We face increasingly destructive wars, most notably in Ukraine which is destabilising world food supplies, and which has the potential for the use of nuclear weapons. War causes huge physical and social damage to people and societies and the military industrial processes produce 6% of all greenhouse gasses. The impact of wars in Ukraine, Yemen, Palestine and other places in terms of human and environmental cost, and on food production and energy costs, will continue to exacerbate the crises facing the environment and the global economy. Russia’s invasion of Ukraine must not be the pretext for a rush to fossil fuels, new coal and gas and the resumption of fracking. Quite the opposite- it should be a spur to shift more rapidly towards renewables.

As Ecosocialists, we say another world is possible. A massive social and political transformation is needed, requiring the mobilisation of the mass of working people, women and men, across the globe. Only the end of capitalism’s relentless pursuit of private profit, endless waste, and rapacious drive for growth, can provide the basis for a solution not only to climate change, environmental degradation, and mass extinction, but to global poverty, hunger, and hyper exploitation.

The COP 27 conference will take place in an isolated, heavily policed tourist resort, with only one major road in and out, and hotels charging rates that will likely push the entire COP beyond the means of many grassroots organisations, especially those from poorer countries in the Global South. The Egyptian government say there will be room for opposition, but what they mean, is that activists will be offered fake protests opportunities where state-affiliated NGOs demonstrate around the convention giving the impression of an independent local civil society. No real Egyptian or other opposition will be allowed near Sharm El-Sheikh. We send solidarity to Egypt’s climate campaigners, women’s organisations, Trade Unionists and workers fighting for democracy.

2022 has seen floods in Pakistan, directly affecting thirty-three million people, Australia and elsewhere. We have seen wildfires, extreme heat, ice melt, drought, and extreme weather events on many continents, yet governments pursue still more fossil fuel production. 2022’s summer of disasters broke records worldwide. In 2021, global sea level set a new record high and is projected to continue to rise. The United Nations reports that research shows that women and children are up to fourteen times more likely than men to die during climate disasters.
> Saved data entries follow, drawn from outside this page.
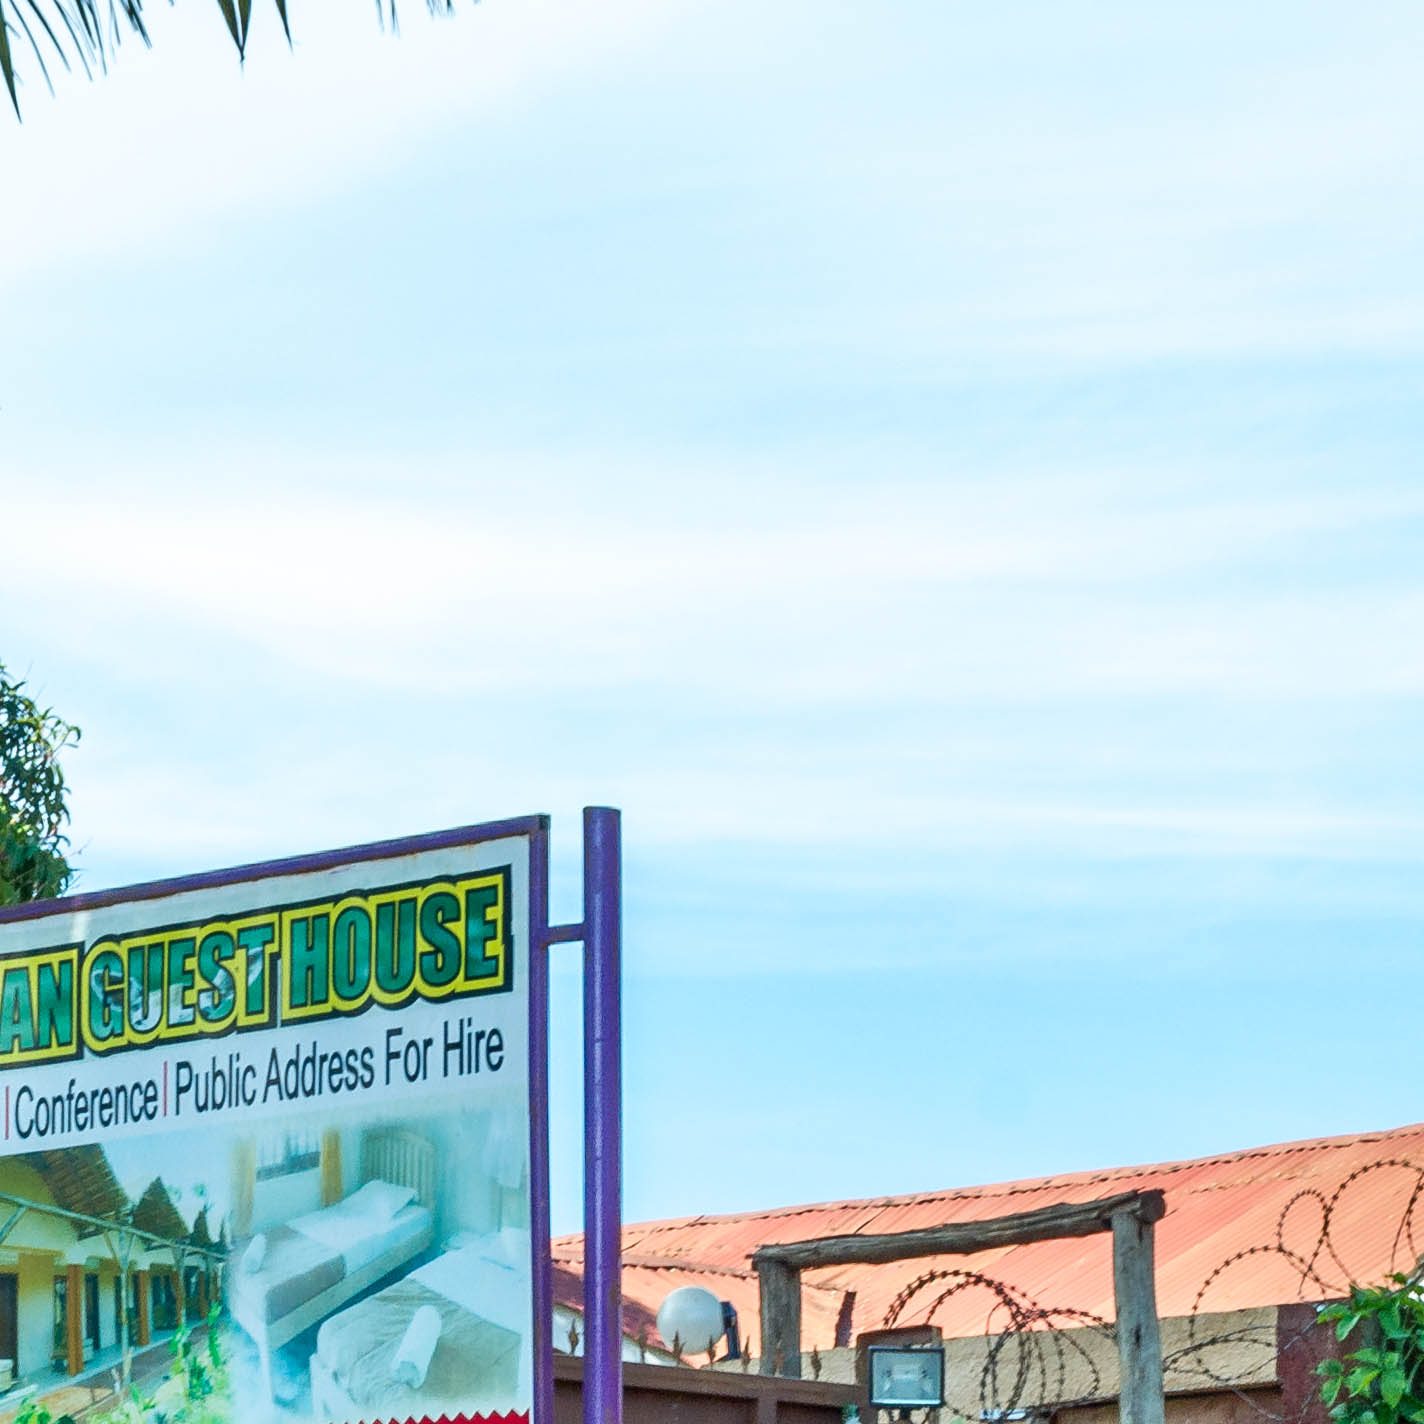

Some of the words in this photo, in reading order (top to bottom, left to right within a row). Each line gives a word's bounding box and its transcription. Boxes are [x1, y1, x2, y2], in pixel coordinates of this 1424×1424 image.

[86, 920, 277, 1042] GUEST
[287, 883, 502, 1009] HOUSE
[14, 1077, 158, 1138] Conference
[175, 1053, 257, 1117] Public
[262, 1040, 376, 1104] Address
[385, 1026, 434, 1086] For
[443, 1017, 505, 1078] Hire
The big issues of climate change will be debated in Egypt but whatever is agreed, capitalism left to itself can at best mitigate, not end them. Environmental destruction is woven into the very fabric of the system itself. However, much big business resists, we will have to force it to act on a global scale. Ultimately, only the ending of capitalism itself and its replacement by democratic Ecosocialist planned production for need and not private profit can guarantee the necessary action.

Genuine climate solutions cannot be based on the very market system that created the problem. Only the organised working class, and the rural oppressed of the global south -women and men have the power to end capitalism, because their labour produces all wealth and they have no great fortune to lose if the system changes, no vested interests in inequality, exploitation, and private profit.
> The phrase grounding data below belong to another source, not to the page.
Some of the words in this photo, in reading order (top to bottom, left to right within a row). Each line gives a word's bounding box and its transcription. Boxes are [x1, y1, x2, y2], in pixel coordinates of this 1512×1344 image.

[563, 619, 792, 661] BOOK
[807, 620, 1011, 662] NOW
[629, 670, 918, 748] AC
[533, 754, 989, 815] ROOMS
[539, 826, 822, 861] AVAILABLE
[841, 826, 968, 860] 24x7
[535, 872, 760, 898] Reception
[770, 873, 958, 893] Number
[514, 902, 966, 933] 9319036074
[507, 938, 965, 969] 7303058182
Sustainability and global justice

The long-term global crisis and the immediate effects of catastrophic events impact more severely on women, children, elders, LGBTQIA+, disabled people and the people of First Nations. An eco-socialist strategy puts social justice and liberation struggles of the oppressed at its core.
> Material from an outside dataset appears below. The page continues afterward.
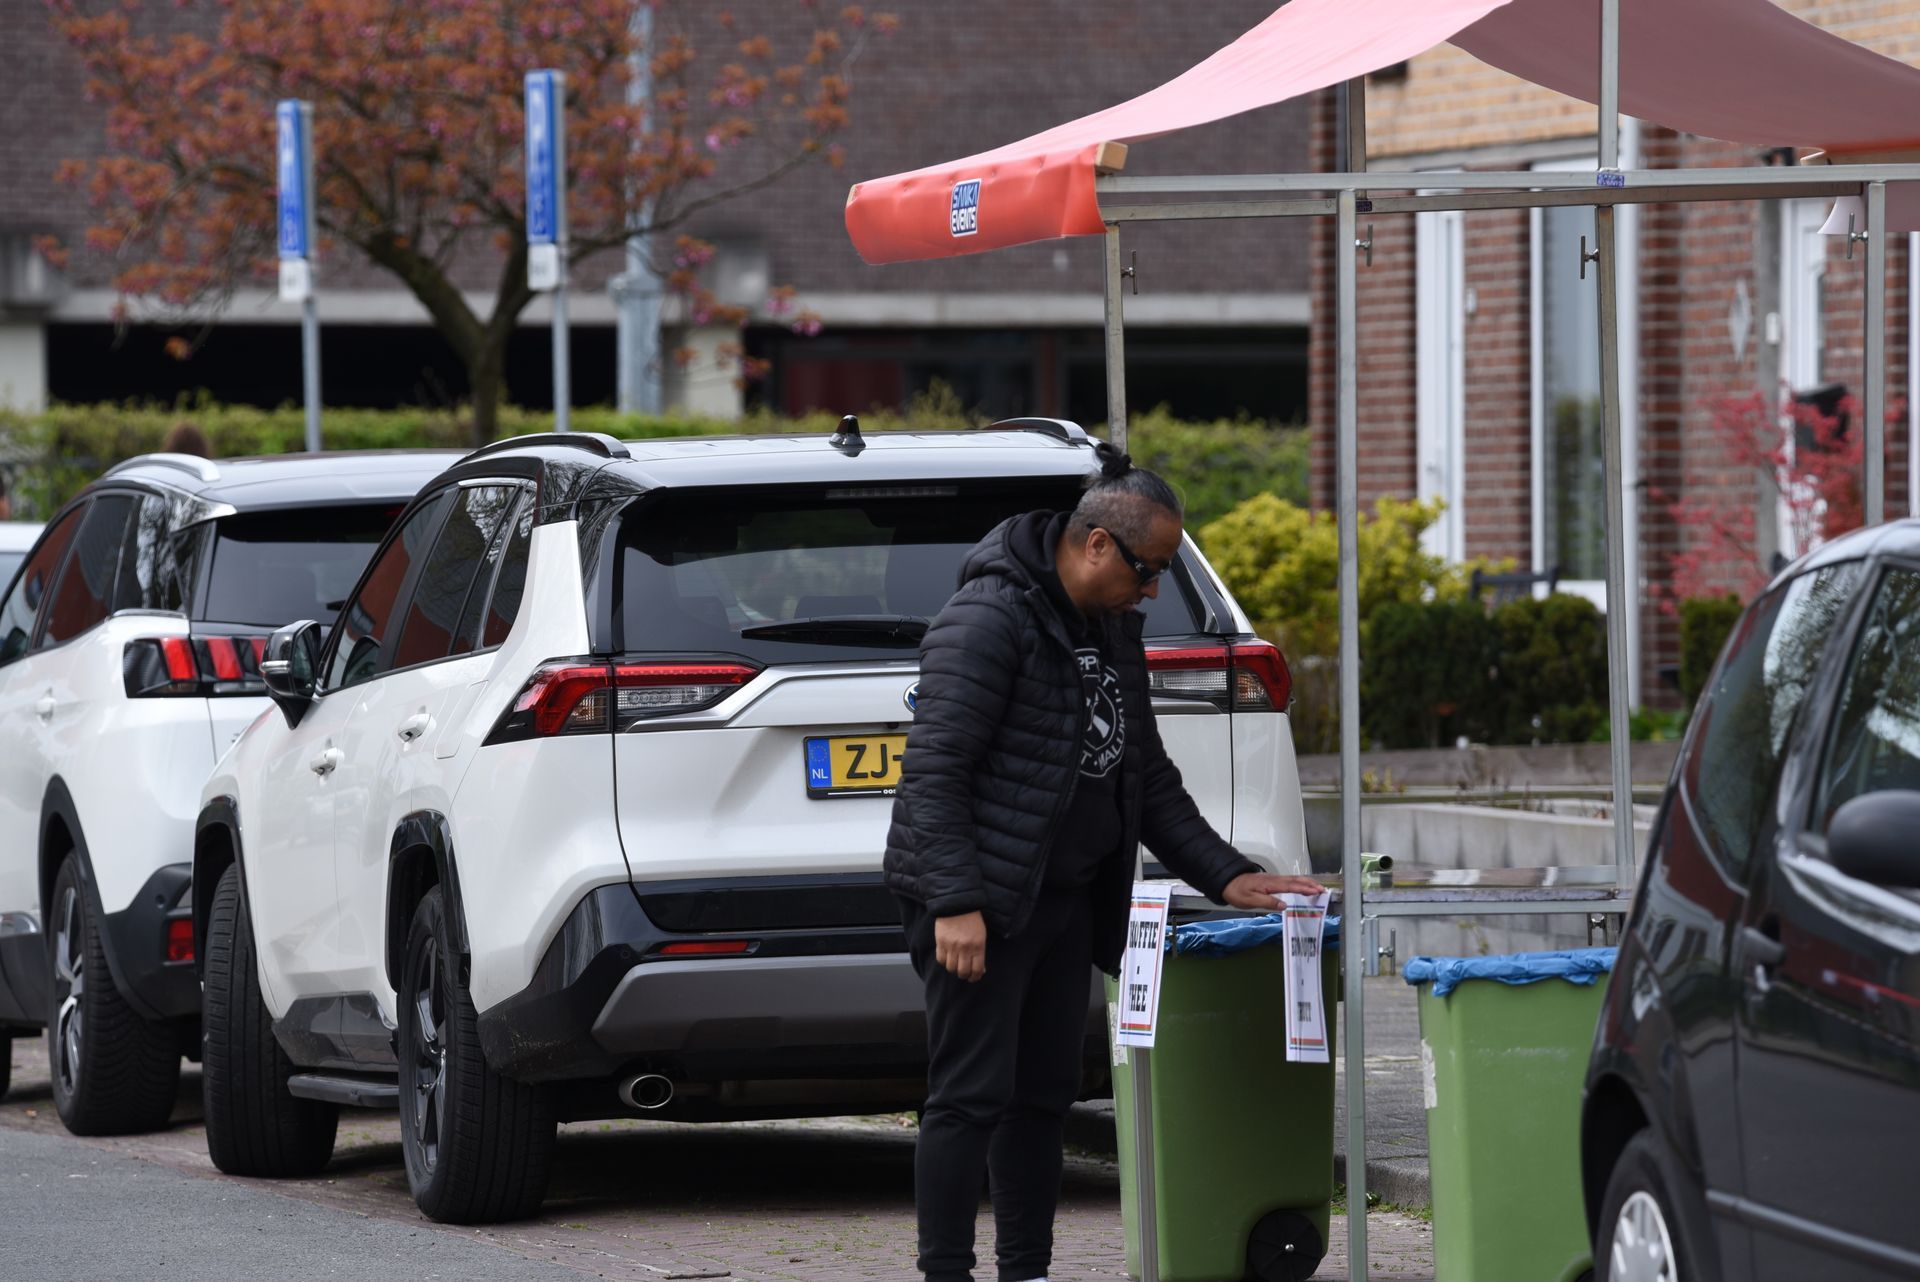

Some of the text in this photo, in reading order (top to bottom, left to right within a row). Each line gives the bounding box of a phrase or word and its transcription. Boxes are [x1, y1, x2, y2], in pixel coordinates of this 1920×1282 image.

[953, 183, 978, 208] SANKA
[952, 206, 976, 232] EVENTS
[812, 768, 829, 780] NL
Migration is, and will increasingly be, driven by climate change and conflicts and resource wars resulting from it. Accommodating and supporting free movement of people must be a core policy and necessary part of planning for the future.

Action now to halt climate change!

We demand:

• All new fossil fuels must stay in the ground – no new gas, coal, or oil! No to Fracking and UCG!

• A rapid move to renewable energy for transport, infrastructure, industry, agriculture, and homes.

• A massive global programme of public works investing in green jobs, and replacing employment in unsustainable industries.

• The retrofitting of homes and public buildings with insulation and other energy saving measures to reduce fuel use and to address fuel poverty.

• A globally funded just transition for the global south to develop the necessary sustainable technologies and infrastructure.

• A major cut in greenhouse gas emissions of at least 70% by 2030, from a 1990 baseline. This must be comprehensive – including all military, aviation, and shipping emissions – and include mechanisms for transparent accounting, measurement, and popular oversight.

• The end of emissions trading schemes.

• No to ‘offsetting’ of carbon emissions- we need a real zero not net-zero.

We call for:

• Immediate cancellation of the international debt of the global south.

• A rapid shift from massive factory farms and large-scale monoculture agribusiness towards eco-friendly farming methods and investment in green agricultural technology to reduce synthetic fertiliser and pesticide use in agriculture and replace these with organic methods and support for small farmers.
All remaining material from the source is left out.